ABC News has obtained the results of the New York State Health Department investigation into Yorkville Endoscopy. The investigation, which was routine, started the day after Rivers died and ended Oct. 9.
It found lapses in four categories required for accreditation: governing body and management, surgical services, medical staff and patient rights. Specifics were not immediately disclosed.
The Centers for Medicare and Medicaid Services, the federal subsidiary of the Department of Health and Human Services that certifies ambulatory surgery facilities, notified the clinic that "Yorkville Endoscopy LLC no longer meets the requirements for participation as a supplier of services in the Medicare program."
Accreditation will be terminated Jan. 7, 2015, unless the clinic can prove it has corrected the deficiencies, according to the state Health Department.

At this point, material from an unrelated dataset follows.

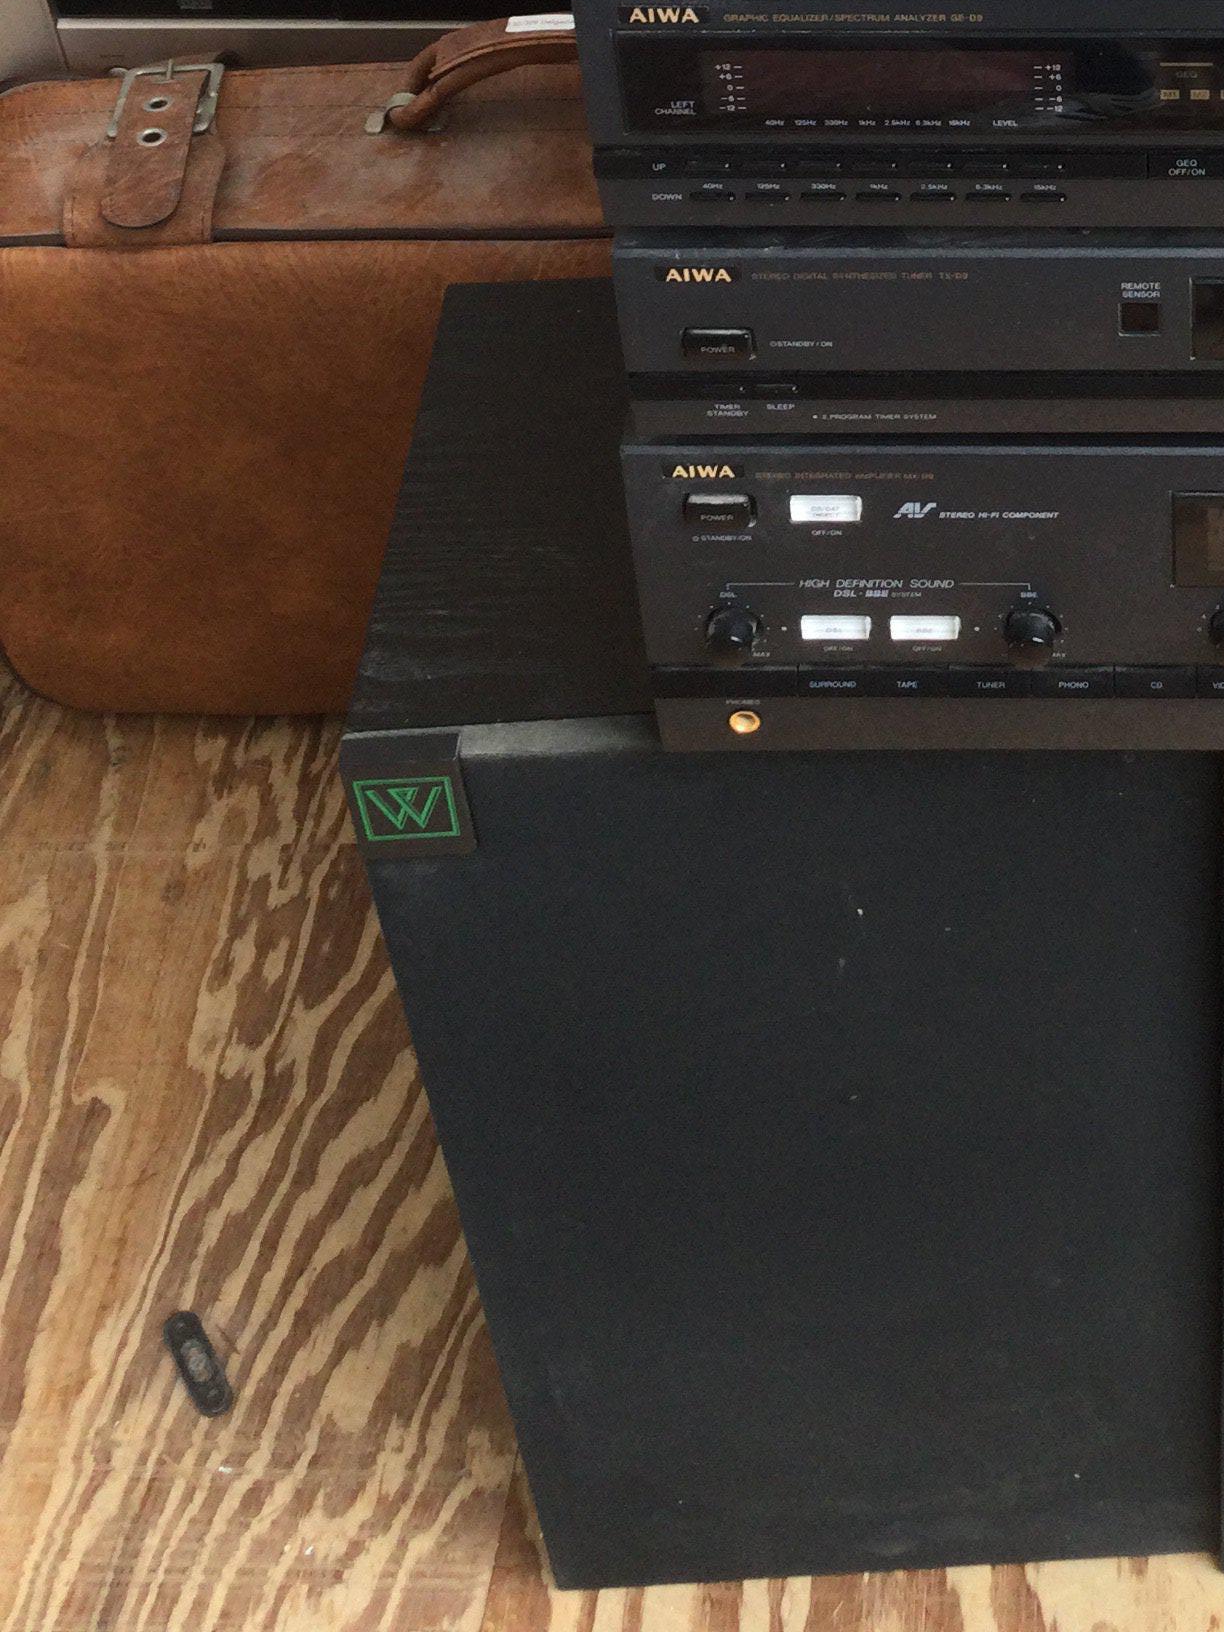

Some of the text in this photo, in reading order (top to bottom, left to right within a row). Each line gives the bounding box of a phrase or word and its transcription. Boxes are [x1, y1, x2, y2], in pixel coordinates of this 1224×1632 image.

"The Center has been working collaboratively with appropriate government regulatory agencies to ensure complete compliance with all regulations," a spokesperson for the clinic told ABC News in a statement today. "The Center remains open and will continue to collaborate with all accreditation and government regulatory agencies to ensure quality care."
Rivers died on Sept. 4 at the age 81, just a few days after going into cardiac arrest at Yorkville Endoscopy. On Thursday, the New York City medical examiner's office confirmed to ABC News that the comedian died of low blood oxygen during a procedure to treat voice changes and acid reflux. She had been sedated with propofol.
"We continue to be saddened by our tragic loss and grateful for the enormous outpouring of love and support from around the world," her daughter Melissa Rivers told ABC News on Thursday. "We have no further comment at this time."
Melissa Rivers did not respond to a request for further comment today.